The average ACT composite score at Huntley High School was 22.4 out of 36 in 2009, exceeding the average in Illinois.

The school's Prairie State Achievement Examination (PSAE) scores were all above the state average in 2009. In the reading category, Huntley had an average of 160 compared to the state average of 157. In the science category, Huntley's average was 163 while the state had an average of 157. As for the mathematics category, Huntley's average was 160 compared to the state average of 157.

Huntley High School's graduation rate is 98.4%, exceeding the state's average of 78% in 2009.

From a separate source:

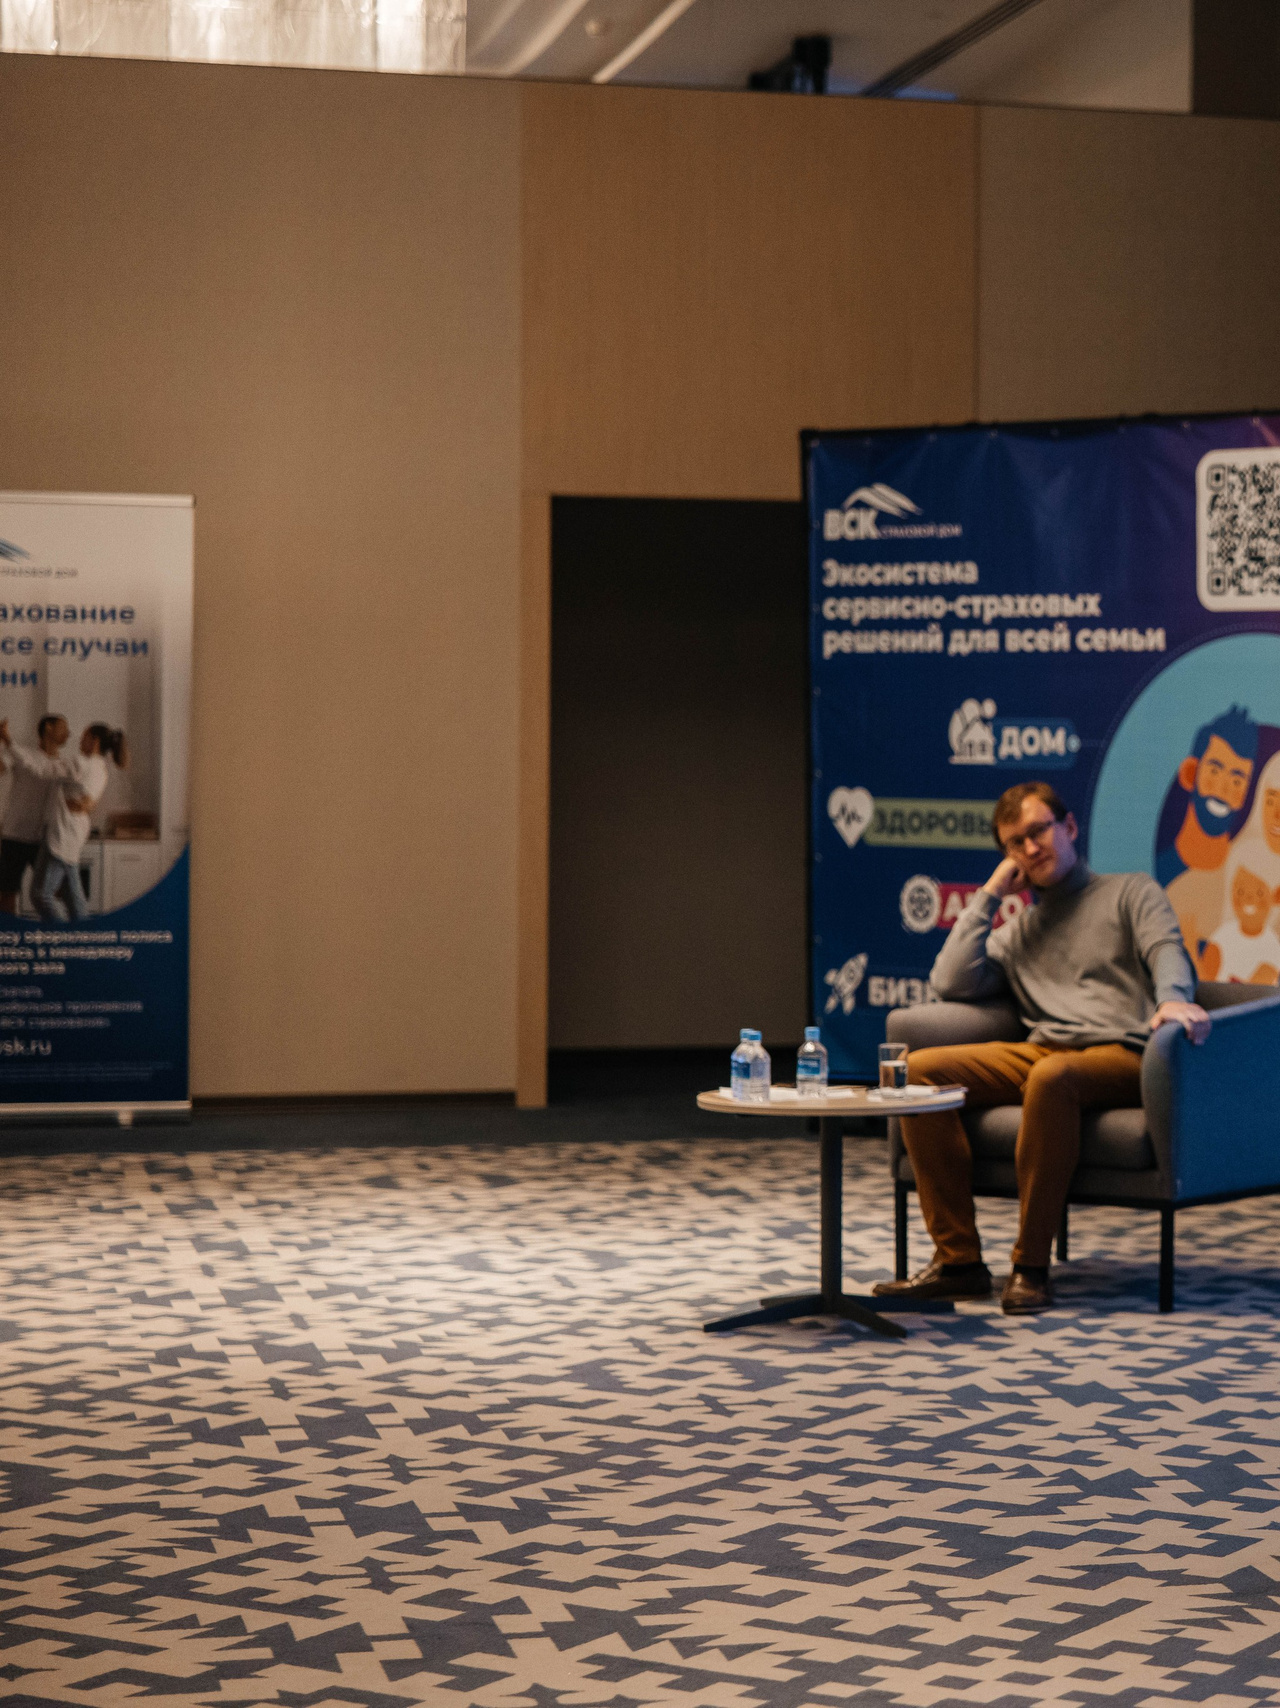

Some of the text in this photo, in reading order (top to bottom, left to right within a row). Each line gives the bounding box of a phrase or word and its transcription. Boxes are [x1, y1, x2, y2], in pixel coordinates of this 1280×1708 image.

===Activities and athletics===
Huntley High School offers a number of sports and extra-curricular activities:

- Orchesis
- Boys Baseball
- Boys and Girls Basketball
- Boys and Girls Bowling
- Cheerleading
- Chess Team
- Boys and Girls Cross Country
- Football
- Gaming Team
- Boys and Girls Golf
- Boys and Girls Lacrosse
- Poms
- Boys and Girls Soccer
- Girls Softball
- Boys and Girls Tennis
- Track and Field
- Boys and Girls Volleyball
- Boys and Girls Swimming
- Wrestling

- After School Choir
- Art Club
- Band
- Buddies Club
- Color Guard
- Competitive eSports
- Computer Club
- Contest Theatre
- Creative Writing Club
- Culinary Club
- Orchesis Dance Program
- Dungeons and Dragons Club
- Drone Club
- Environmental Club
- Fishing Club
- Film Club
- Frosh-Soph One Acts
- Gender and Sexuality Alliance (GSA)
- Jazz Band
- Journalism
- Hope Squad
- HOSA (Future Healthcare Professionals) Medical Club

- Investing and Economics Club
- Leos Club
- Math Team
- Mock Trial
- Model United Nations
- National Honor Society
- Musicals
- Plays
- Philosophy Club
- RAD (Recognizing American Diversity) Student Committee
- Raider Nation
- Red Raider Robotics
- Scholastic Bowl Team
- Silver Cord
- SnowRaiders (Ski/Snowboarding) (One of the school's biggest clubs)
- Spanish Honor Society
- Speech Team
- Student Council (STUCO)
- Technical Theatre Club
- Thespian Show
- Thespian Troupe
- TV Production Club
- Yearbook
- Zoology Club

Huntley softball won the IHSA Class 4A state title in 2019, the first state title in school history. Huntley's Journalism team won back-to-back IHSA state championships in 2021 and 2022.

Huntley girls track won the IHSA Class 3A girls track state title in 2023.

For a number of years, Huntley High School was part of the Big Northern Conference which comprised twelve small-town schools in North Central Illinois. As Huntley High School's enrollment approached 1,000 in the early 2000s, it became class AA and joined the much larger suburban Fox Valley Conference in 2002.